_PROBLEM TO SOLVE_
A faithful transcript of every entry is required; pictures do not belong in it.

_RECORDS SUPPLIED_
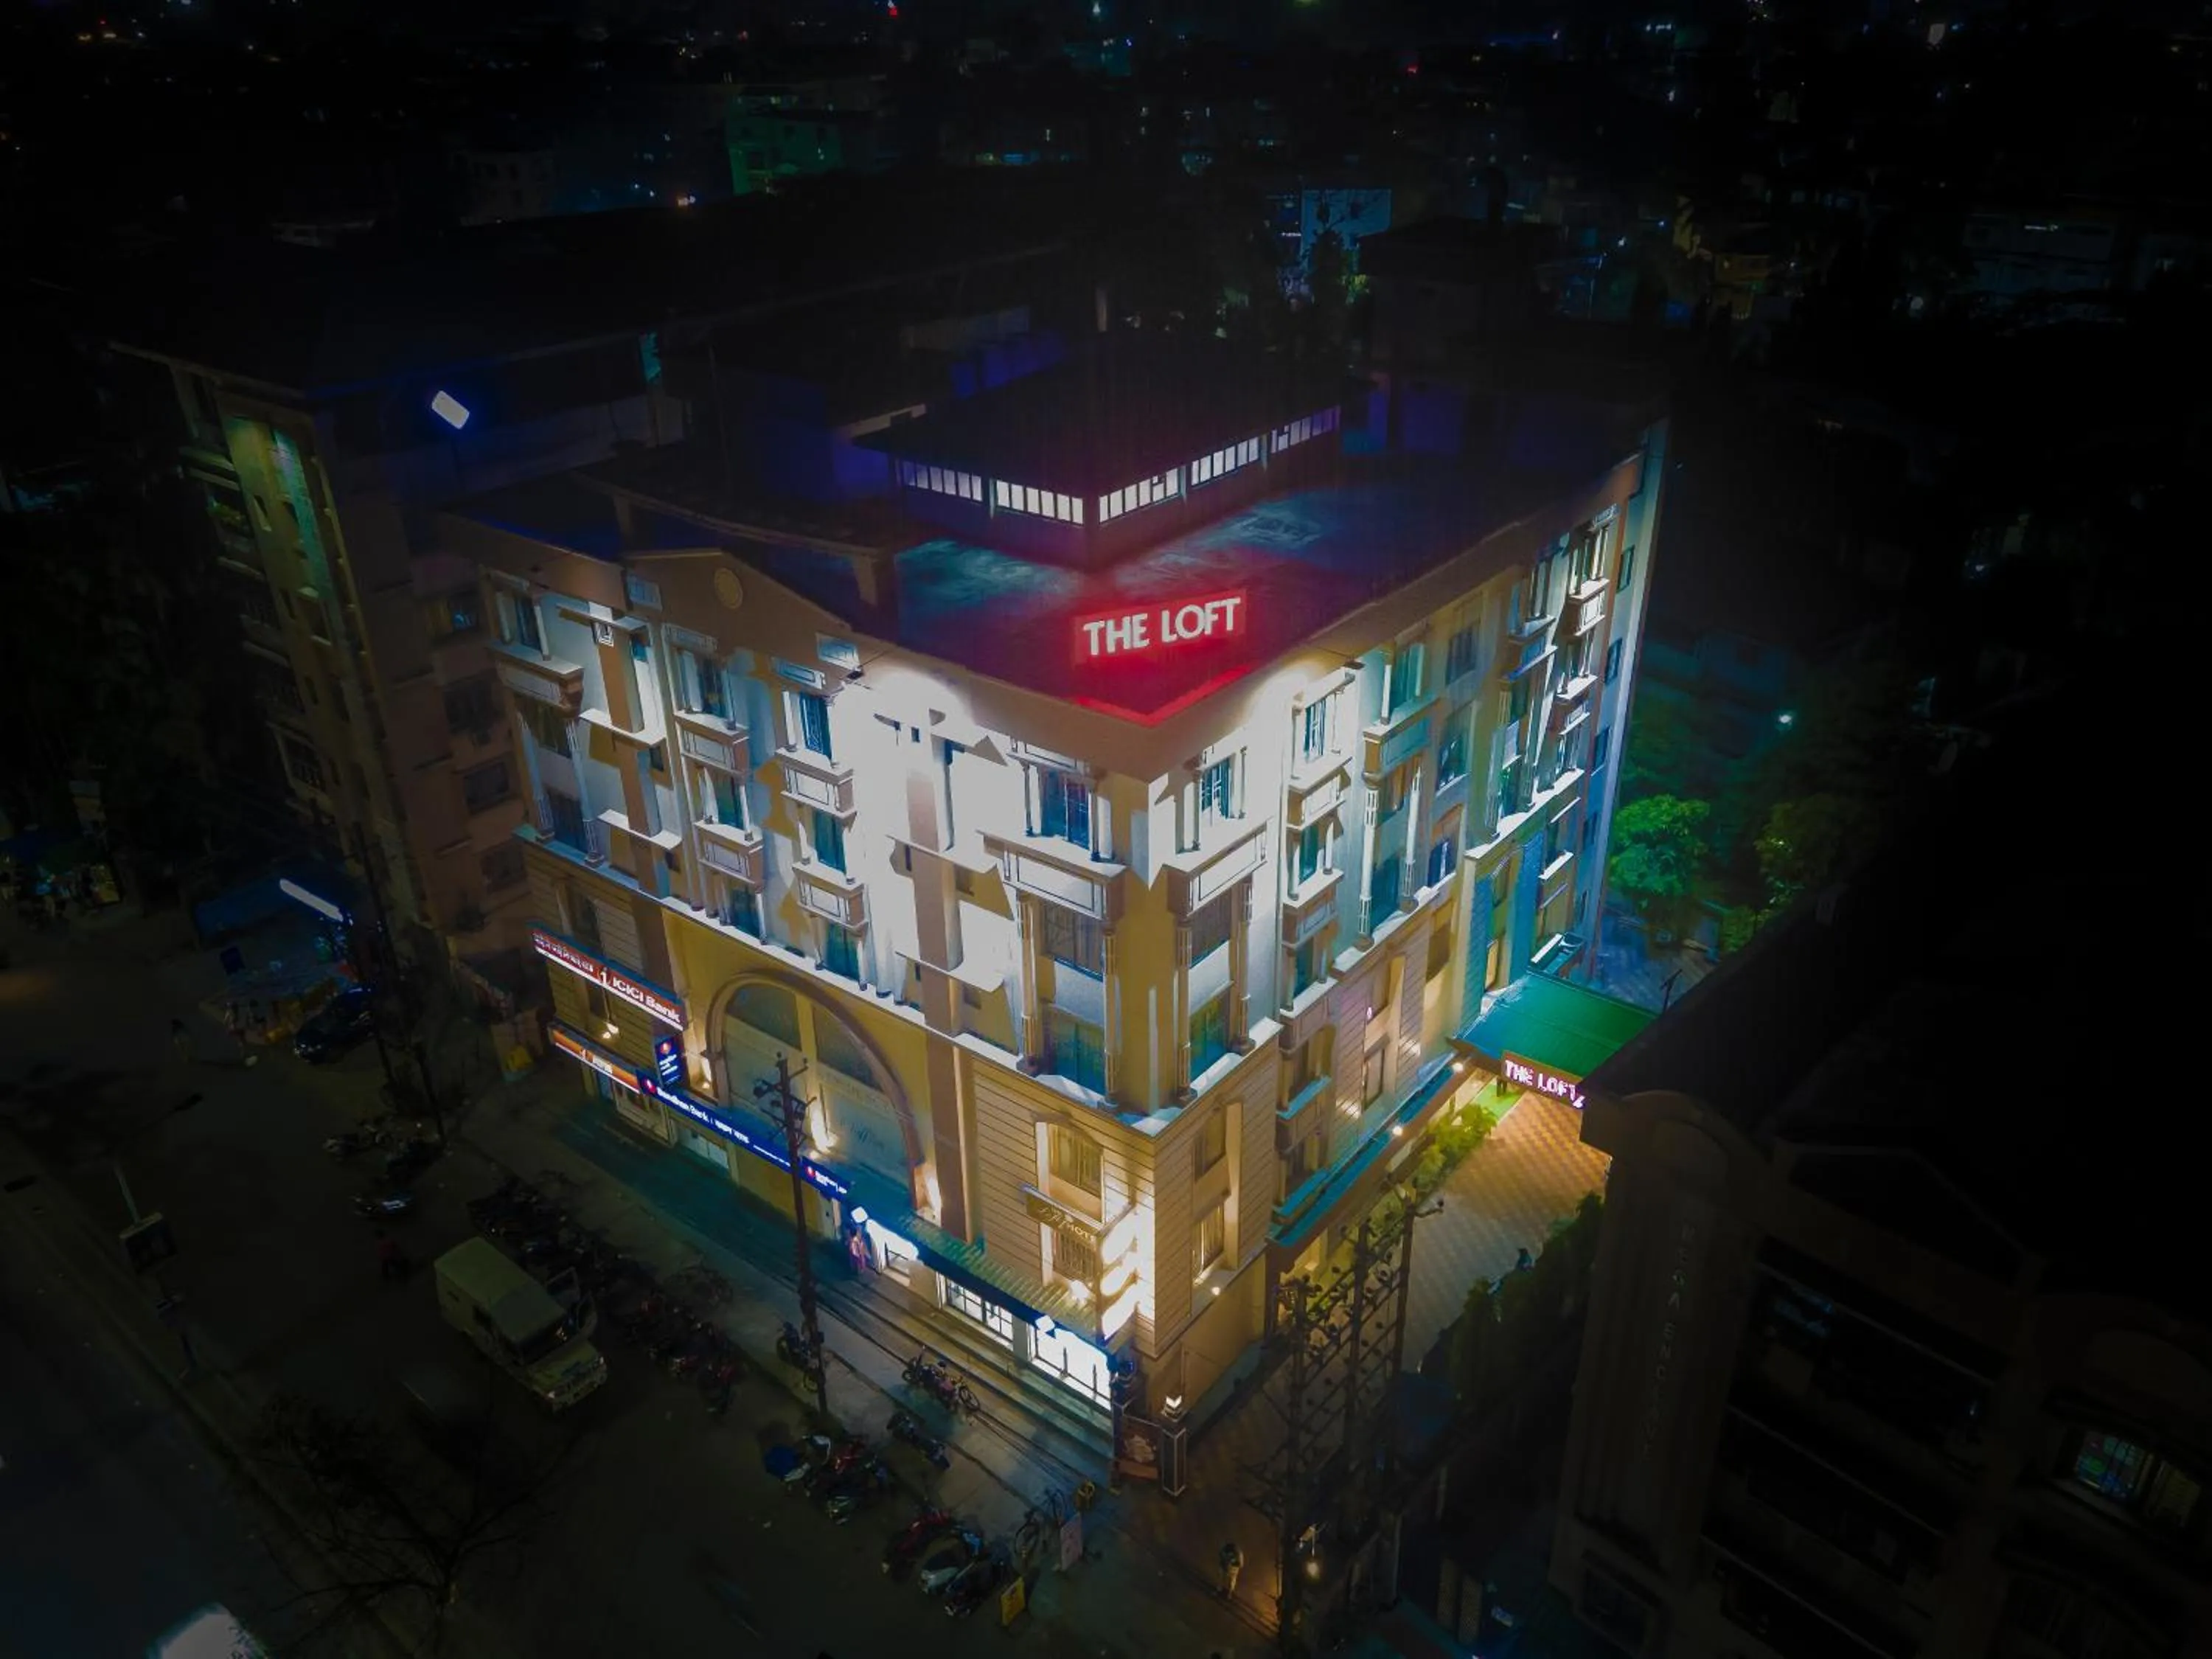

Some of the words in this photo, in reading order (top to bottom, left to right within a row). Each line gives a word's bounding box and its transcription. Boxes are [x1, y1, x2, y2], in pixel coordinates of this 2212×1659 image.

[1083, 613, 1150, 655] THE
[1161, 597, 1242, 644] LOFT
[613, 977, 644, 1001] ICICI
[645, 995, 681, 1023] Bank
[1505, 1060, 1534, 1086] THE
[1537, 1073, 1576, 1101] LOFT

_SOLUTION BELOW_
Some of the words in this photo, in reading order (top to bottom, left to right within a row). Each line gives a word's bounding box and its transcription. Boxes are [x1, y1, x2, y2], in pixel coordinates of this 2212×1659 image.

[1083, 613, 1150, 655] THE
[1161, 597, 1242, 644] LOFT
[613, 977, 644, 1001] ICICI
[645, 995, 681, 1023] Bank
[1505, 1060, 1534, 1086] THE
[1537, 1073, 1576, 1101] LOFT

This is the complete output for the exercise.